MP vê elo entre fraude no DF e escândalo dos descontos do INSS
Os investigadores afirmam que a prática “teve origem no Distrito Federal e posterior efeito paralelo na esfera federal”

A decisão que embasou a Operação Juros Zero, deflagrada pelo Ministério Público do Distrito Federal e Territórios (MPDFT) na manha desta sexta-feira (19/6), aponta que o modelo investigado no Distrito Federal teria ultrapassado as fronteiras locais e servido de base para uma estrutura semelhante adotada posteriormente em um programa federal ligado ao Instituto Nacional do Seguro Social (INSS).
Segundo o documento obtido pela coluna, os investigadores afirmam que a prática “teve origem no Distrito Federal e posterior efeito paralelo na esfera federal”, em referência ao programa Meu INSS Vale+, operado pela PicPay e estruturado, segundo o MP, sob o mesmo modelo jurídico-financeiro utilizado no DF.
A Operação Juros Zero apura a existência de um esquema que teria transformado a folha de pagamento dos servidores distritais em uma fonte de ganhos ilegais.
De acordo com o Ministério Público, a estrutura envolvia a criação de mecanismos normativos, descontos em folha, cobrança de juros disfarçados de taxas e falhas deliberadas na fiscalização.
Em nota, a Secretaria de Economia do DF confirmou as buscas na sede da Pasta e disse que está colaborando com as investigações. O PicPay nega qualquer irregularidade. Os demais alvos ainda não se manifestaram. O espaço segue aberto.
Os promotores sustentam que a engrenagem começou a ser construída ainda em 2020 e ganhou força em 2024, quando um decreto do Governo do Distrito Federal criou uma modalidade de desconto para operações classificadas como “sem cobrança de juros”.
Na prática, porém, o MP afirma que a chamada “taxa de antecipação” cobrada dos servidores tinha natureza econômica equivalente a juros.
Na decisão, o MPDFT destaca que o mesmo formato teria sido reproduzido na esfera federal, em uma estrutura semelhante vinculada ao programa Meu INSS Vale+, também operado pela PicPay.

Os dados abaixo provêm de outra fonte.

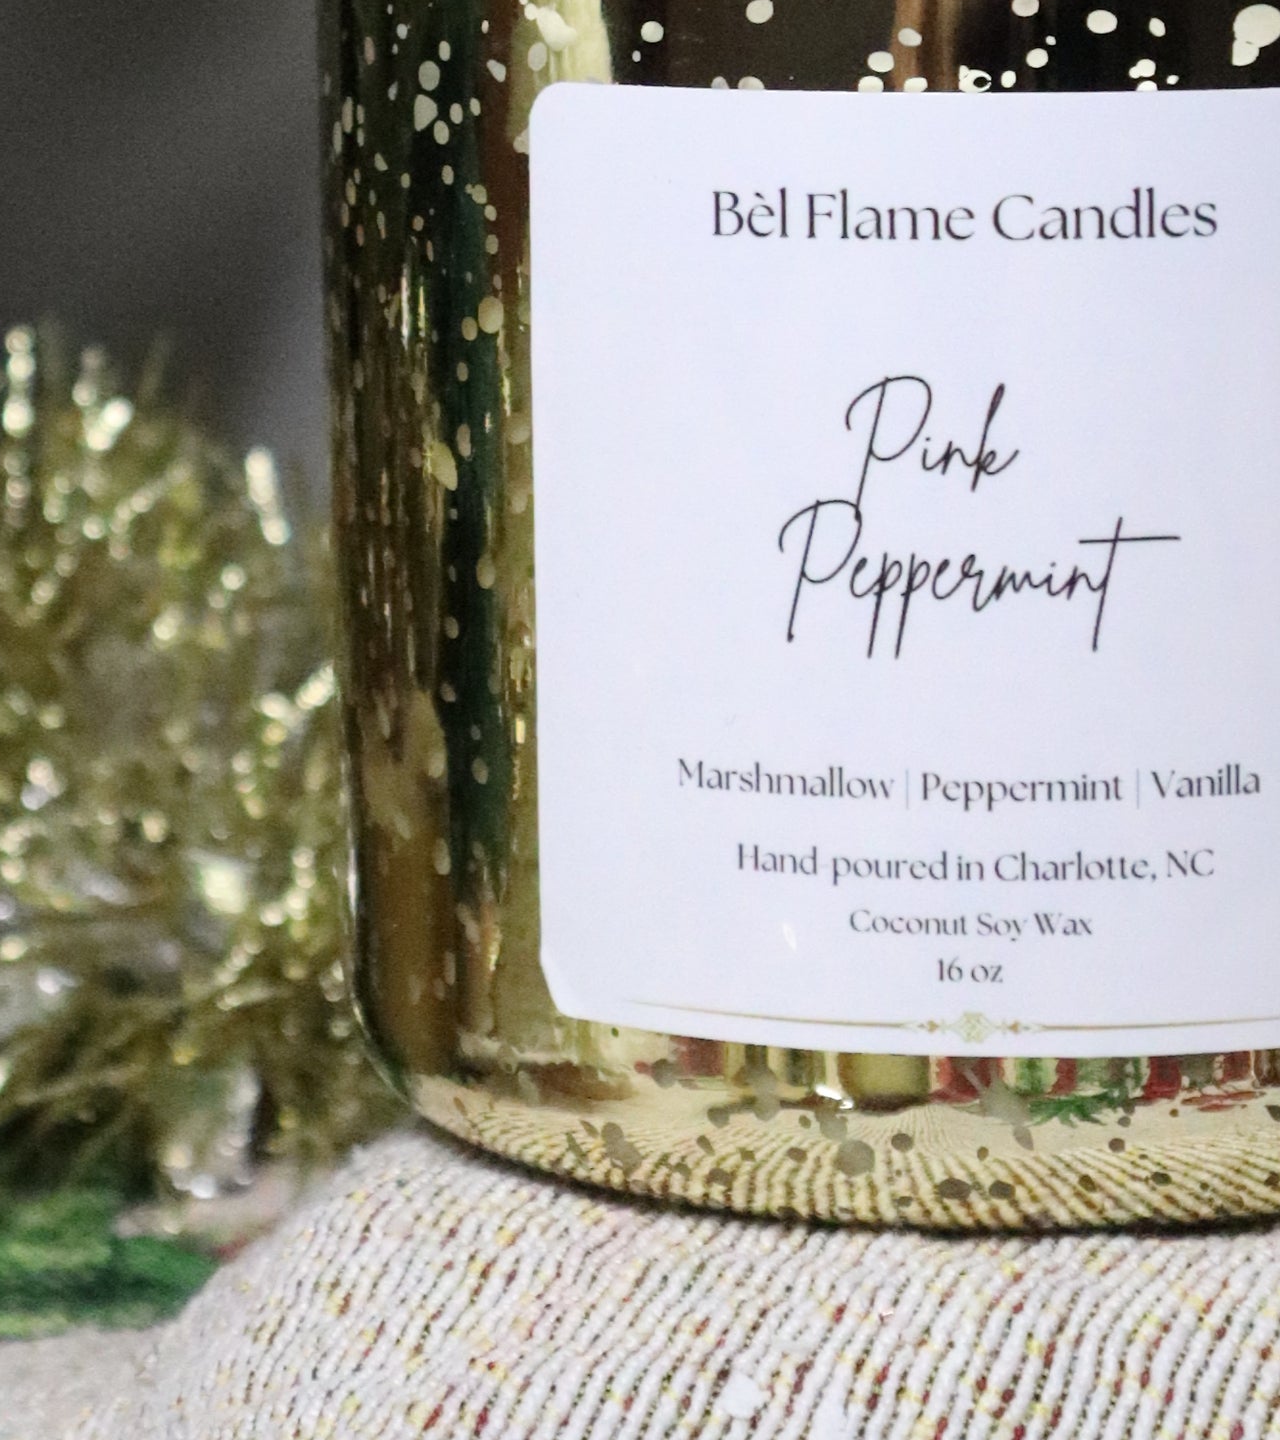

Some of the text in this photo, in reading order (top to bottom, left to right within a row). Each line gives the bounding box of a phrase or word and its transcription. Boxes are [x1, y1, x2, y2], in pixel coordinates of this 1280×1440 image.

[712, 186, 1218, 241] Bèl Flame Candles
[845, 376, 1020, 520] Pink
[778, 499, 1181, 660] Peppermint
[677, 758, 895, 800] Marshmallow
[921, 772, 1123, 813] Peppermint
[1150, 763, 1261, 799] Vanilla
[956, 854, 985, 881] in
[993, 850, 1158, 883] Charlotte,
[1165, 848, 1215, 879] NC
[849, 908, 1093, 942] Coconut Soy Wax
[936, 958, 1004, 983] 16 oz
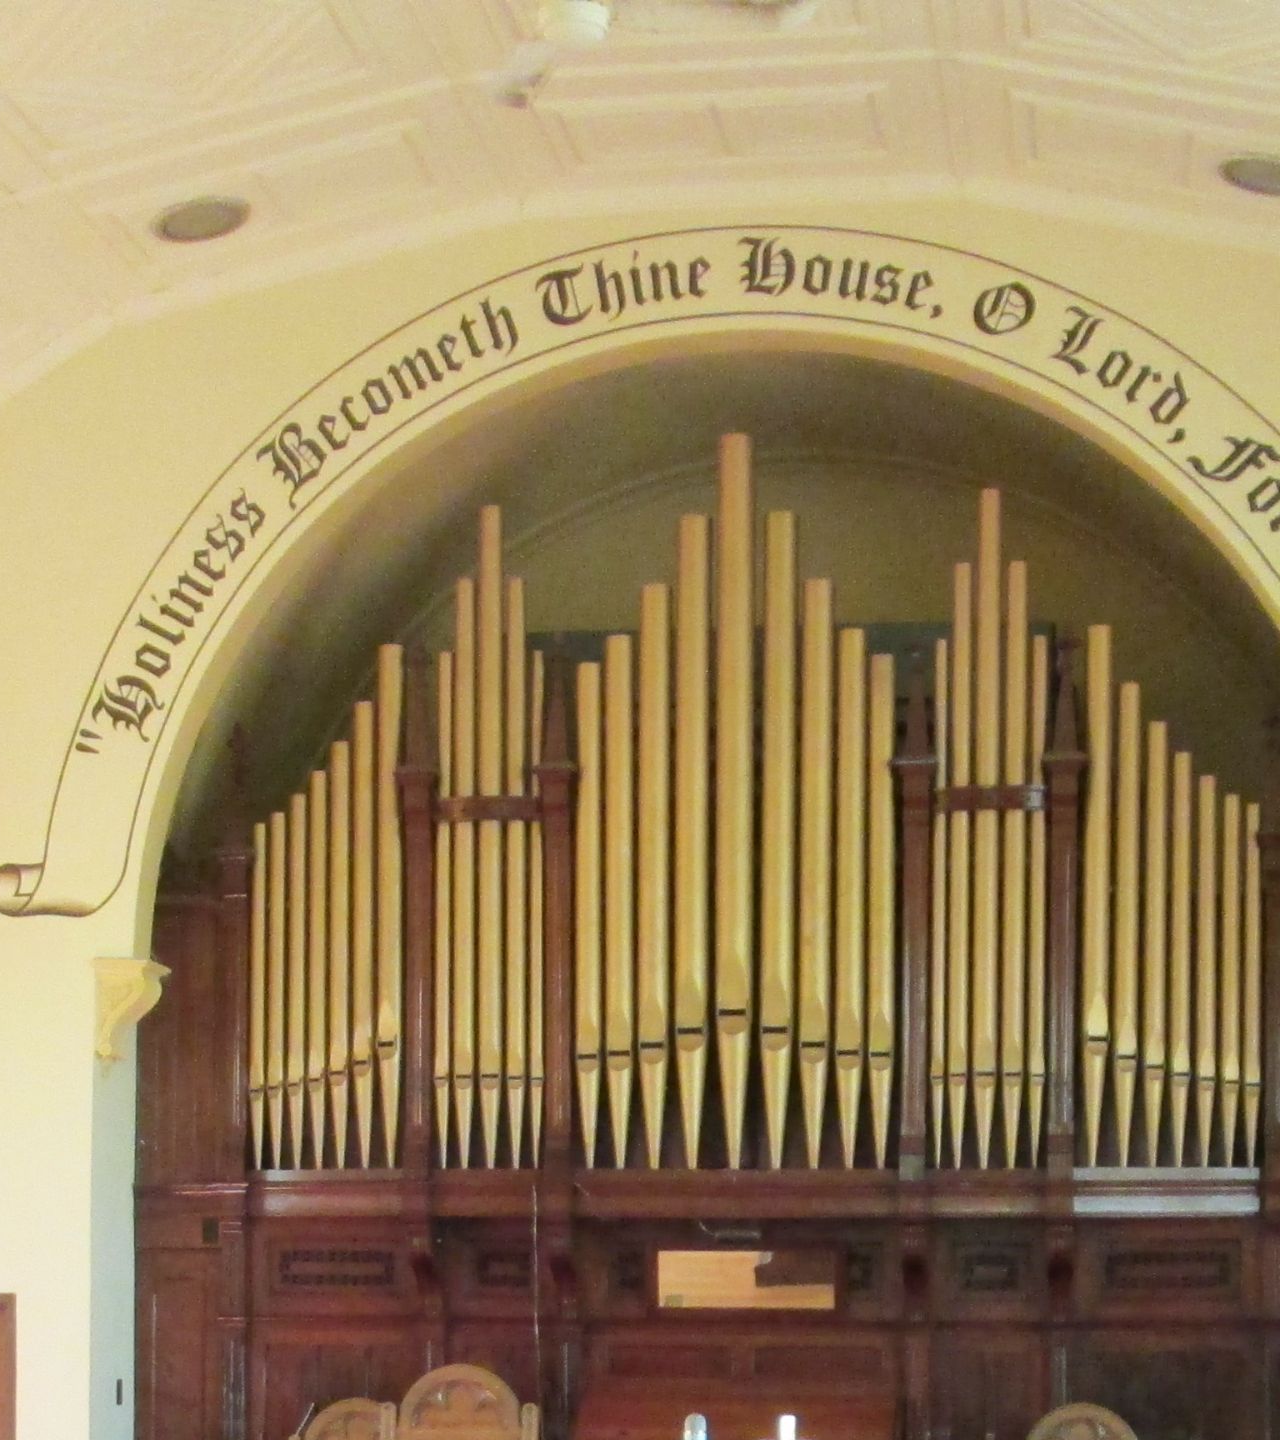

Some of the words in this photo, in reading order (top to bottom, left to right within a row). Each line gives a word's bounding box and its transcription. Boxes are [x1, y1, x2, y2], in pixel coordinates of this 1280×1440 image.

[255, 297, 521, 511] Becometh
[535, 249, 713, 327] Thine
[736, 236, 944, 320] House,
[972, 280, 1037, 336] O
[1050, 305, 1191, 444] Lord,

O documento cita ainda que o diretor da empresa Eduardo Chedid Simões já havia sido indiciado pela CPMI dos Descontos Indevidos do INSS em investigação sobre esquema semelhante de retenções indevidas contra beneficiários federais.
A Juros Zero cumpriu 50 mandados de busca e apreensão no Distrito Federal, São Paulo e Paraná.

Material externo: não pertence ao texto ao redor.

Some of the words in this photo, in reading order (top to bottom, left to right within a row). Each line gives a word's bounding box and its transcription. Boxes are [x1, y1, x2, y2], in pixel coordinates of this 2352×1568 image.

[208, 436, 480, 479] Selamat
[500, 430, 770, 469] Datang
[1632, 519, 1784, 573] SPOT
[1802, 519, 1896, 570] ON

Entre os alvos estão o Banco de Brasília (BRB), a BRB Serviços, a Secretaria de Economia do DF, o Iprev-DF, a PicPay e atuais e ex-dirigentes, como o ex-secretário de Economia Ney Ferraz Júnior e o ex-presidente do BRB Paulo Henrique Costa, preso desde abril no âmbito da Operação Compliance Zero, da Polícia Federal.
A investigação apura suspeitas de organização criminosa, corrupção, lavagem de dinheiro, inserção de dados falsos em sistemas públicos, crimes contra a economia popular e publicidade enganosa.
O outro lado
Sobre a operação desta sexta, a Secretaria de Economia destacou, em nota, que o MP, com o apoio da Polícia Civil do DF (PCDF), fez busca e apreensão relacionada a equipamentos utilizados por alguns servidores da Pasta no âmbito de investigação que apura fatos relacionados a acordos para concessão de empréstimos consignados firmados em período anterior. “A Secretaria esclarece que a investigação tem como objeto a conduta de agentes públicos e não a atuação institucional da Pasta”.
Destacou ainda que está colaborando integralmente com as autoridades responsáveis pela investigação, garantindo pleno acesso às instalações e prestando todo o apoio necessário para o cumprimento das diligências e a coleta dos materiais solicitados.
Em nota, o PicPay diz que não reconhece qualquer irregularidade nas operações mencionadas e rejeita a alegação de cobrança indevida. Além disso, ressalta que “seus produtos e serviços são estruturados e ofertados em conformidade com as normas vigentes e submetidos a rigorosos mecanismos de controle e supervisão”.
Acrescenta que o valor antecipado era disponibilizado no próprio cartão do cliente, depois de feita a solicitação por ele mesmo no aplicativo, sem intermediários ou associações e sem cobrança nessa modalidade. A empresa seguirá colaborando plenamente com as autoridades competentes e está confiante de que quaisquer esclarecimentos necessários confirmarão a regularidade de sua atuação.